The essence of the collection is drawn from the brand’s origins in Greece, inspired by a wish to utilize talented local craftsmen and draw their skills out from the shadows of industrial manufacture. The country’s basket makers and weavers – the skills of whom will be used in the manufacture of the furniture – inspired tactile and three dimensional handwoven surfaces.
Bureau de Change co-founder Katerina Dionysopoulou comments:
Sourcing materials and production in Greece gives Efasma and the consumer the chance to benefit from the craftsmanship of the country’s highly skilled makers, and also brings business back to the company’s community
Single lengths of 100% cotton rope bind chair frames together, giving them rigidity, a concept which exemplifies the use of traditional techniques as a platform for innovation. Handcraftsmanship is enhanced by nanotechnology, which repels dirt from the cotton textile, increasing its longevity.
The collection is made up of handwoven walnut framed seating, substantial marble and timber dining tables, a coffee table and room divider. The depth and richness of the woven surfaces are amplified by clean, graphic forms across the range and their combination with highlights of glossy marble and brass.

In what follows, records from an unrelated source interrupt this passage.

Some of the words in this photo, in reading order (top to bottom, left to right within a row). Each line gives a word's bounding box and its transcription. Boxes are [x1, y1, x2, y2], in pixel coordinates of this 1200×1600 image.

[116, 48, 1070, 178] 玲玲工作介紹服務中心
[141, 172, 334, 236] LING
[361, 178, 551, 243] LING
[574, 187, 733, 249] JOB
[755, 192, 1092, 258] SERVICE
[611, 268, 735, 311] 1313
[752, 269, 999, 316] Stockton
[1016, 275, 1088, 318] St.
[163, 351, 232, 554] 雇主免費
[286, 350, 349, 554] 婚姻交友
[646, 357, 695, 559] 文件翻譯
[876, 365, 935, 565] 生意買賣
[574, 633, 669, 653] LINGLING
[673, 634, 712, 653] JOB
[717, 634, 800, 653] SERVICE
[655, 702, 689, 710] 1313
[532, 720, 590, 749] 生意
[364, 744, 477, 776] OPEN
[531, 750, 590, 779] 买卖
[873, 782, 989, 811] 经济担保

The range was inspired by Bureau de Change’s interest in interrogating materials and manufacture processes, in order to blend functionality with aesthetic drama and attention to detail – an approach they typically use in their architectural commissions.
Woven surfaces are echoed in the geometry of the solid wood dining table, which plays with the direction and natural grain of solid oak and walnut. The same technique is used in the coffee table, in which puzzle like marble panels are rotated and pieced together to emphasize the veins running through the material.
The dining tables have been shaped by a slotting system, in which Efasma’s dining chairs appear pushed into the edge of the table, leaving behind a footprint of satisfying brass clad notches.
Commenting on the pieces, Bureau de Change co-founder Billy Mavropoulos adds:
We wanted to create products in which design content and innovation emerge from traditional techniques and craftsmanship. Distilling the structures down to their simplest forms not only creates a strong graphic language within the range, but also embosses detailing, the textural qualities of the woven surfaces and the patina of natural materials.